Max: So the probability of winning the lottery, given that you bought a ticket is small, vanishingly small. The probability of winning the lottery given that you did not buy a ticket is zero. That's almost like a tautology there but it illustrates the problem. Because when it's not so clear, people make the observation like they didn't buy a ticket because if they bought a ticket, that probability is small. So that that would be a crazy thing to say.

Aubrey: That's right. And Bayes' theorem, by the way, it's sorted this all out immediately. You can put these things into Bayes' theorem, the conditional probabilities for some theories can be zero as it is here. It will tell you even though your your likelihood was very, very small of that data, whatever prior you associate to it, you now have to believe it because it's the only theory of the case that could explain what you've observed.

Max: A couple of issues left. One is something that you're calling the implicitly uniform prior. We've talked about uniform priors on the show. How it's not always the right way to go. What's the implicit uniform prior? And what are the issues that you see with uniform priors?

Aubrey: Again, in this kind of context of arguing about priors, which is really where all of criticism of Bayesian statistics ultimately winds up, one of the questions is, how do you represent ignorance, let's say over many different possible hypotheses or values of some parameter and a model or whatever is appropriate.
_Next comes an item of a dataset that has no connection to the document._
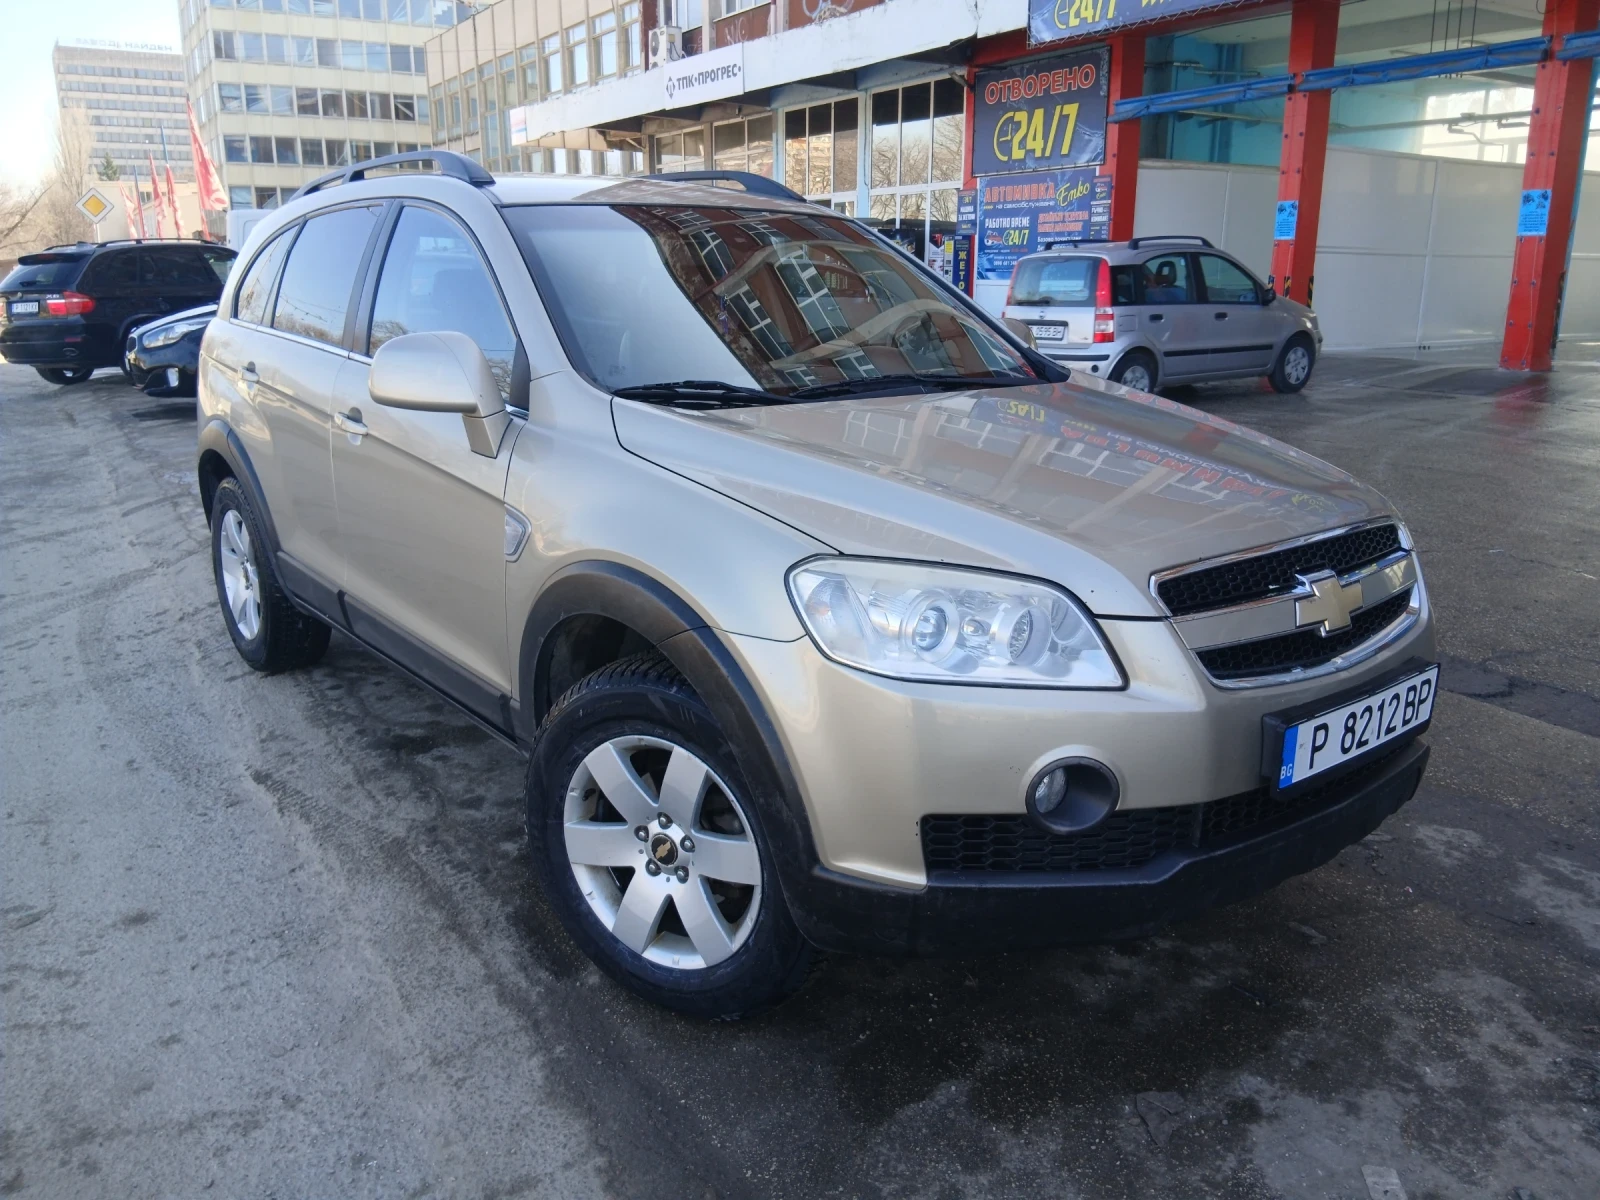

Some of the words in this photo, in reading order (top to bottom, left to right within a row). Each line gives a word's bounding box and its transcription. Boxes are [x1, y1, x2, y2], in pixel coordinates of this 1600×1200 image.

Some people use kind of uniform distributions and their reasons for and against that kind of arguments back and forth. 

What is interesting to me about frequentist statistics and these methods that are, again, the common language that focus entirely on the probability of the data given the hypothesis is that they actually agree with Bayesian methods. They coincide with Bayesian methods numerically, in one special case, which is where all the various alternative hypotheses have the same prior probability. So if you have the same prior for everything, then that term kind of just cancels out of the equation and what you're left with is that your posterior assignments for various hypotheses, given the evidence, are proportional to the likelihoods. They're proportional to how likely the data was given the hypothesis which is kind of the thought process of these standard methods.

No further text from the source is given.